Looking at the entering class at Gould’s Academy - Bartlett, 77% of incoming undergraduates borrow in year one, with a typical loan of $6,826 per student, private and federal loans combined.
On the federal side, the average loan is $6,826. This reaches or tops the $5,500 first-year federal borrowing cap for a typical dependent student. Remember the all-undergraduate figures below leave out private loans, so they will look lower than this private-plus-federal freshman amount.
For undergraduates overall at Gould’s Academy - Bartlett, 53% use federal student loans to help pay for their education, averaging $6,810 a year. That is 0.2% below the first-year federal average of $6,826.
Borrowing the same amount each year would add up to roughly $13,620 in two years and roughly $27,240 after four. This projection keeps yearly federal borrowing flat and excludes private and Parent PLUS loans.
| Undergraduate federal borrowing | Value |
|---|---|
| Share using federal loans | 53% |
| Average federal loan per year | $6,810 |
| Undergraduates with a federal loan | 146 |
| Total federal loans (one year) | $994,286 |
Graduating and withdrawing students at Gould’s Academy - Bartlett carry a median federal debt of $7,767 in federal borrowing.

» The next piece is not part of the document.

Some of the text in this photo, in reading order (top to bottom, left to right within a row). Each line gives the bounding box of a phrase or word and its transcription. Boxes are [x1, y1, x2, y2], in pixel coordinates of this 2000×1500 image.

| Borrower group | Median federal debt |
|---|---|
| All federal borrowers | $7,767 |
| Students who completed (graduates) | $7,767 |
| Students who withdrew | $3,476 |
Debt carried by students who withdrew is a key risk signal — these borrowers owe money without having earned the credential.
Half of all borrowers fall between the 25th and 75th percentiles shown below for Gould’s Academy - Bartlett.

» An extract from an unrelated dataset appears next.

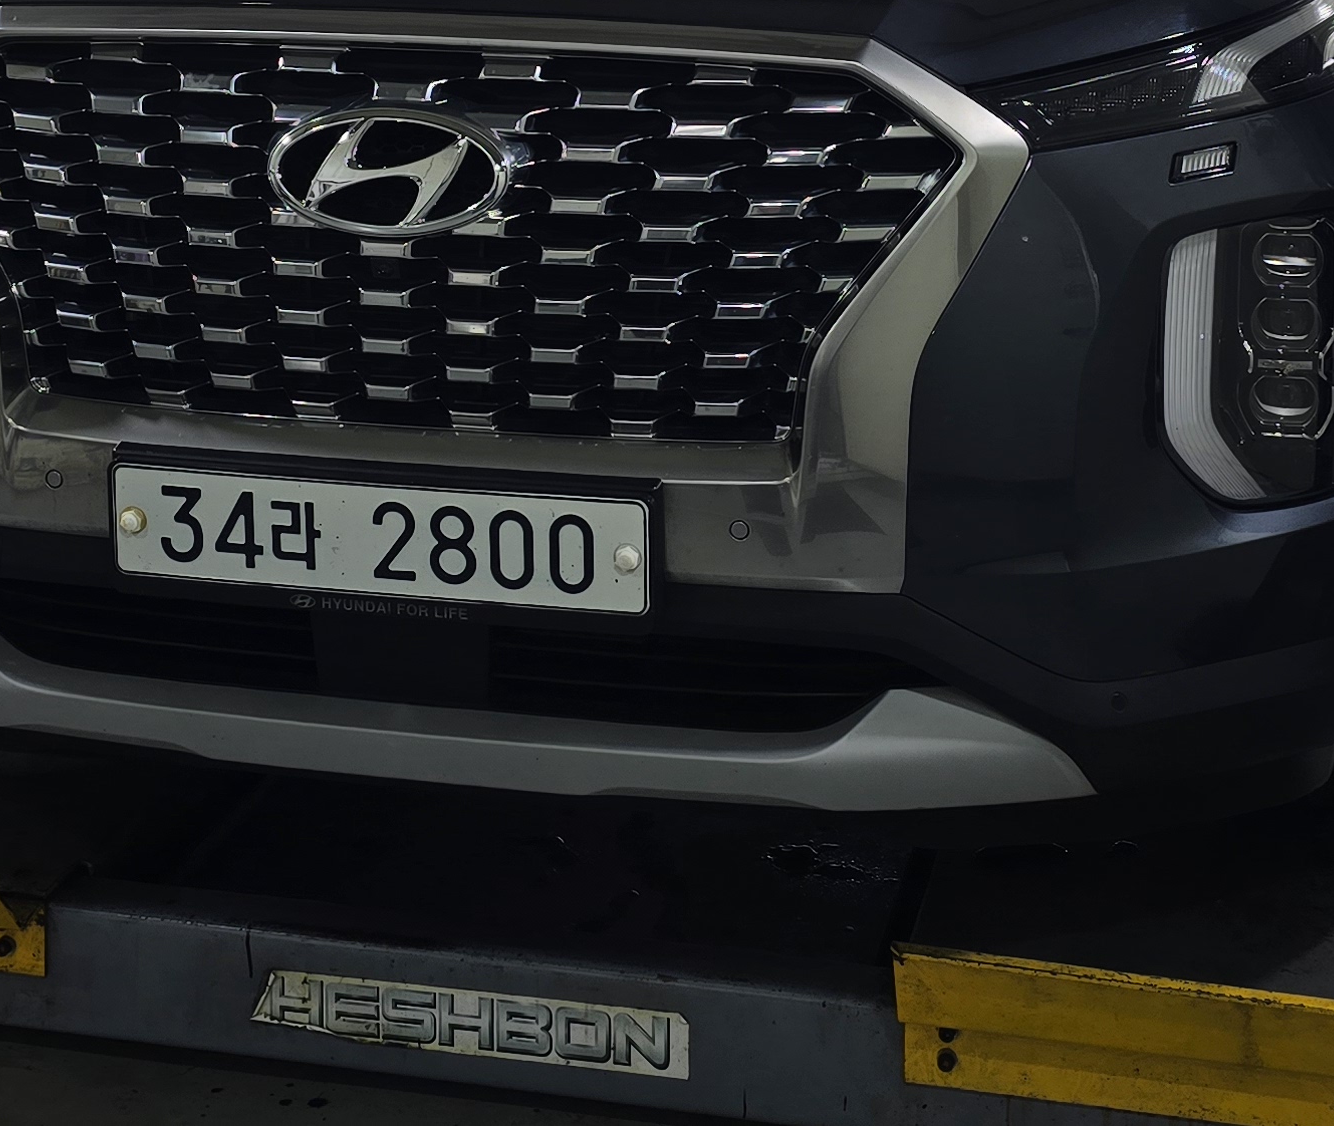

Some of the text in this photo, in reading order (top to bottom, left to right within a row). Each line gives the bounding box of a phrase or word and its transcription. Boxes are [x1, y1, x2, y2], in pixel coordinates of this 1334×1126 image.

[160, 485, 595, 595] 34라 2800
[321, 596, 469, 621] HYUNDAI FOR LIFE
[270, 973, 671, 1071] HESHBON

| Percentile | Cumulative Federal Debt |
|---|---|
| 10th percentile (lowest-debt students) | $4,303 |
| 25th percentile | $4,584 |
| 75th percentile | $9,500 |
| 90th percentile (highest-debt students) | $10,269 |
The gap between the 10th and 90th percentile is the clearest single measure of how widely borrowing varies at Gould’s Academy - Bartlett.

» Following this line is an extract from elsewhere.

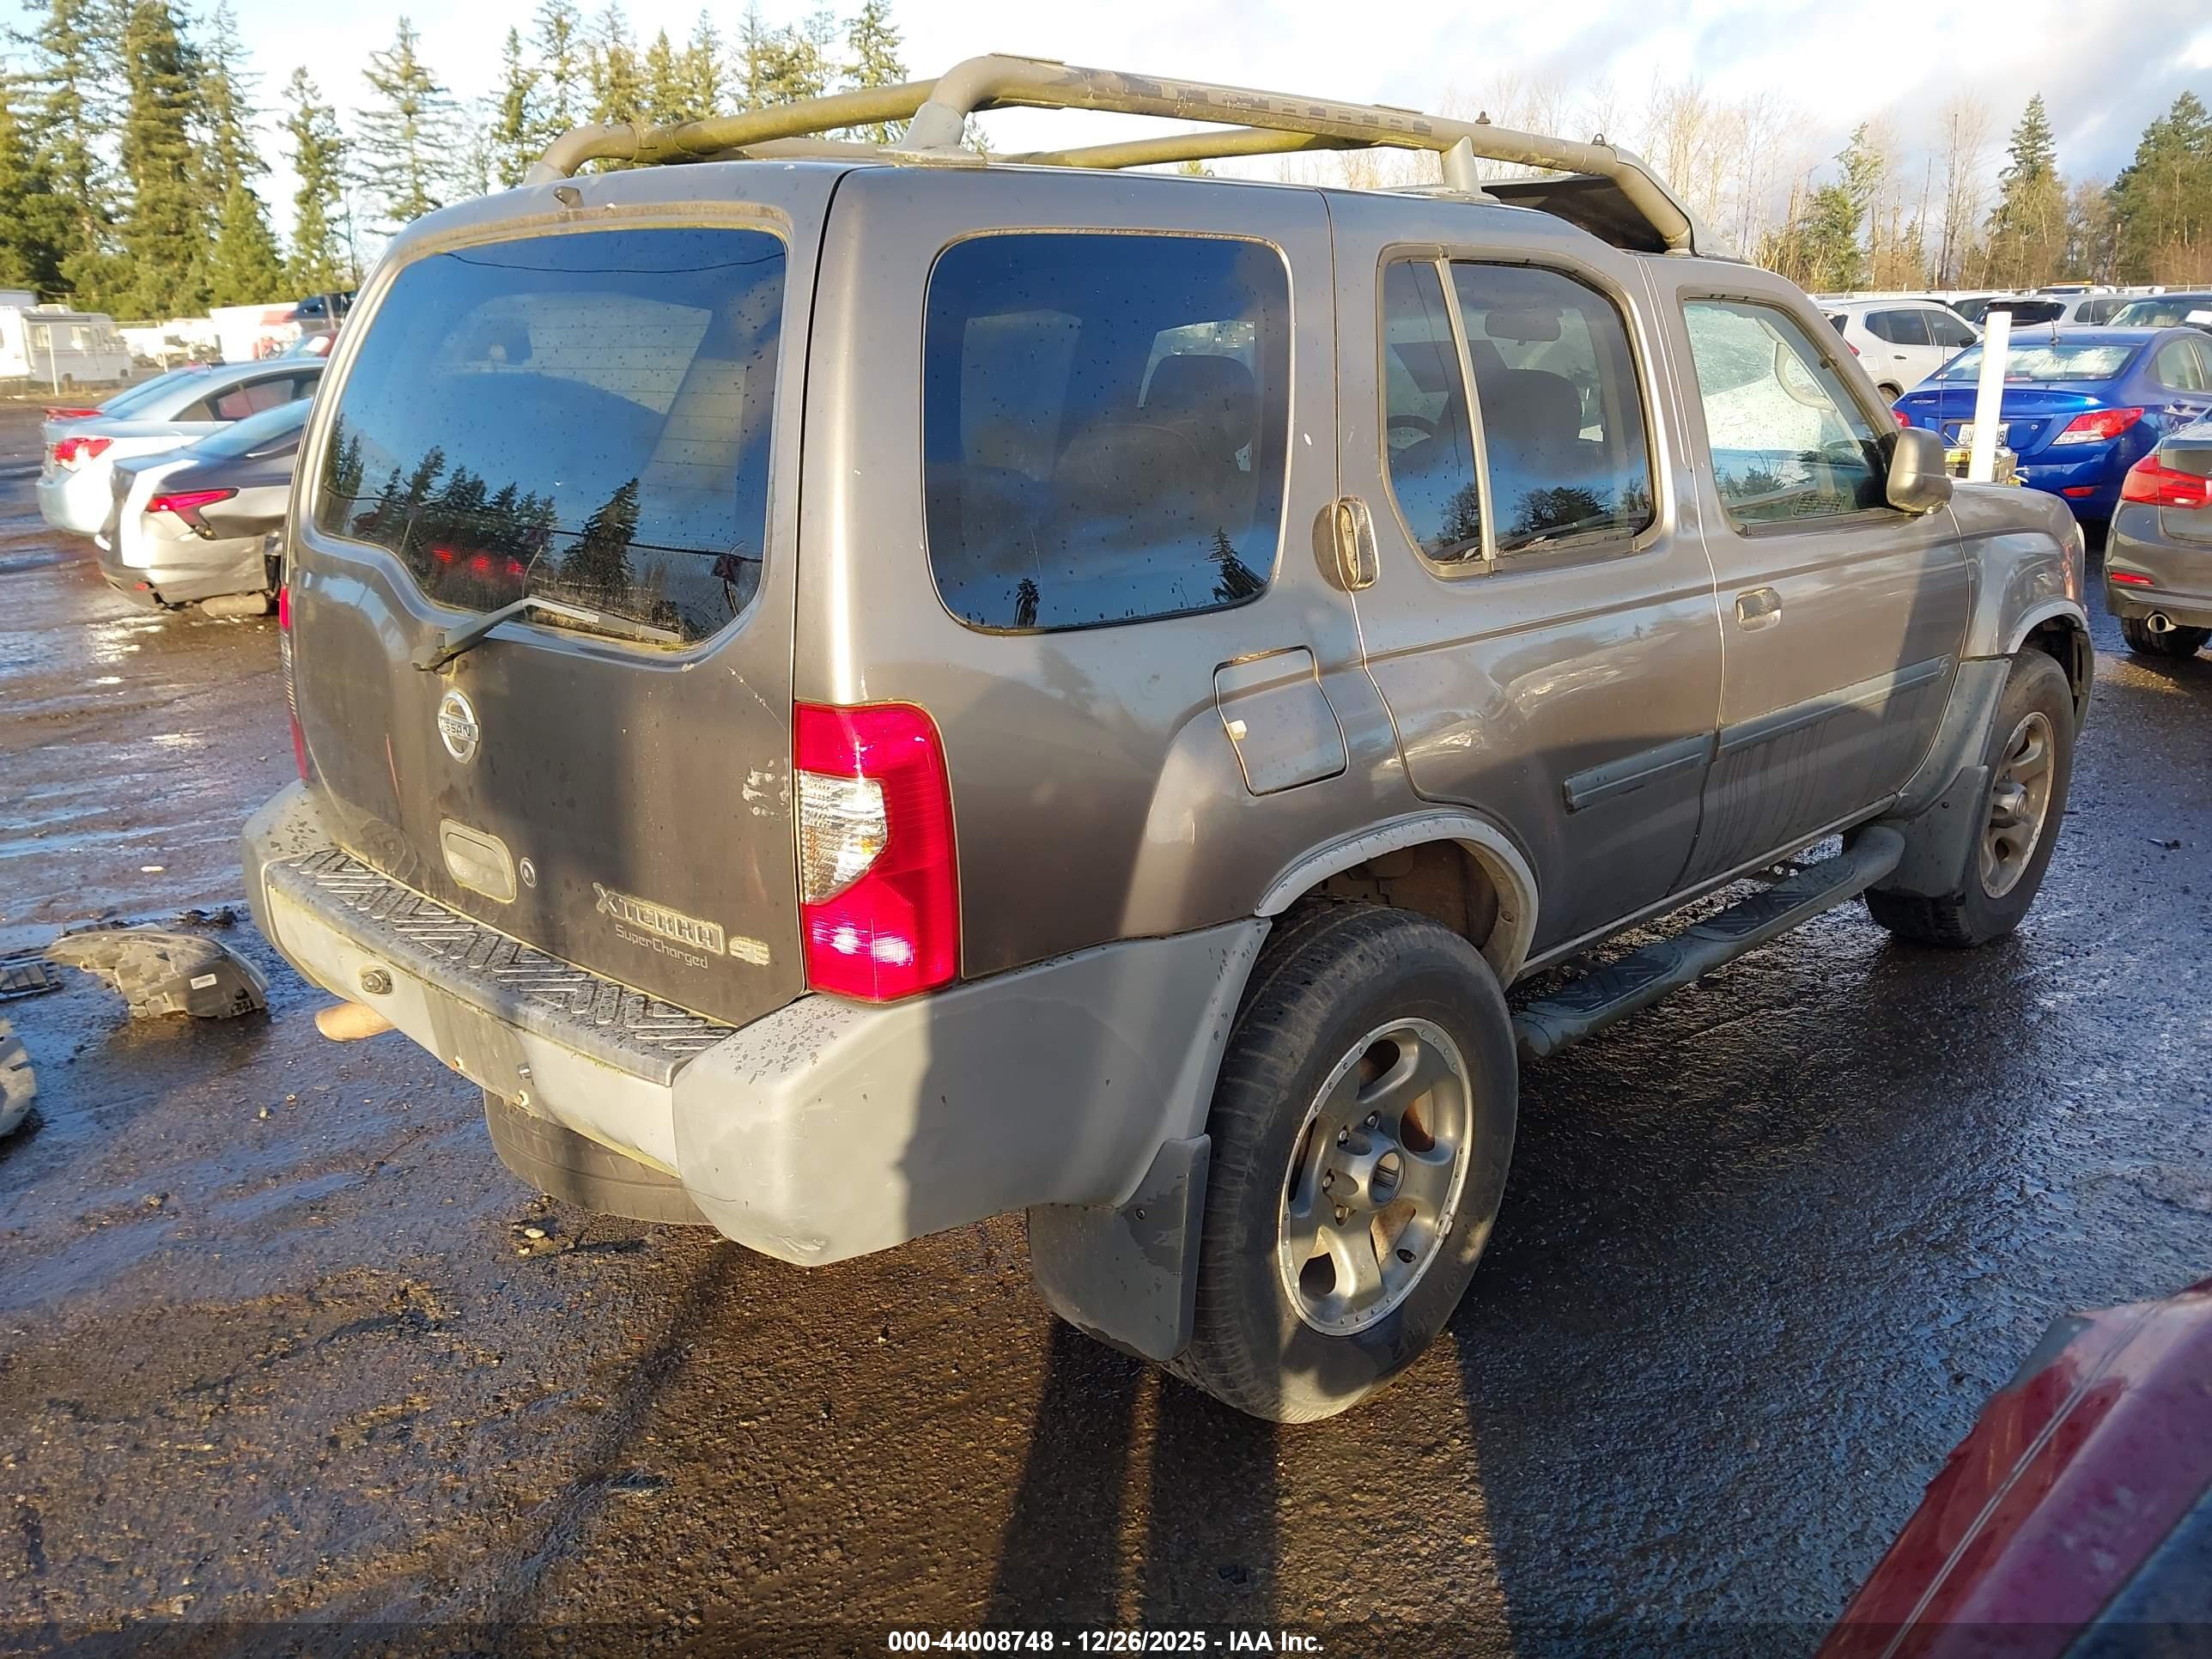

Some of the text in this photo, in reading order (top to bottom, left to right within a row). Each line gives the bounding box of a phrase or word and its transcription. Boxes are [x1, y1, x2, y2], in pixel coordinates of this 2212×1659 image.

[439, 716, 471, 737] NISSAN
[592, 882, 771, 967] XTERRA SE
[615, 923, 708, 969] SuperCharged

The figures above count only the students own federal loans. Adding PLUS loans (borrowed by parents or graduate students) gives a fuller picture of total borrowing at Gould’s Academy - Bartlett.
| Group | Borrowers | Median debt incl. PLUS |
|---|---|---|
| All borrowers | 87 | $7,342 |
The indicators below describe what the typical debt costs to pay back at Gould’s Academy - Bartlett.
Median debt differs by income tier, first-generation status, and whether the student is financially dependent.
Median Debt by Income Bracket
| Income tier | Median federal debt |
|---|---|
| Low income | $7,767 |
| Middle income | $7,677 |
| High income | $7,917 |
First-Generation Comparison
| Cohort | Median federal debt |
|---|---|
| First-generation students | $7,767 |
| Continuing-generation students | $7,767 |
Dependency-Status Comparison
| Cohort | Median federal debt |
|---|---|
| Dependent students | $5,500 |
| Independent students | $7,767 |
These pre-calculated indicators summarize the borrowing gaps between cohorts at Gould’s Academy - Bartlett.
Subsidized and Unsubsidized Loans
With an unsubsidized loan, interest starts adding up the day the loan is disbursed, including during school. Subsidized loans, by contrast, do not accrue interest while you are enrolled at least half-time, which makes them the less expensive option when you qualify.
Did You Know?
Unlike most other debt, federal student loans generally survive bankruptcy — and unpaid balances can lead to wage garnishment — so borrow only what you truly need.
References
More about our data sources and methodologies.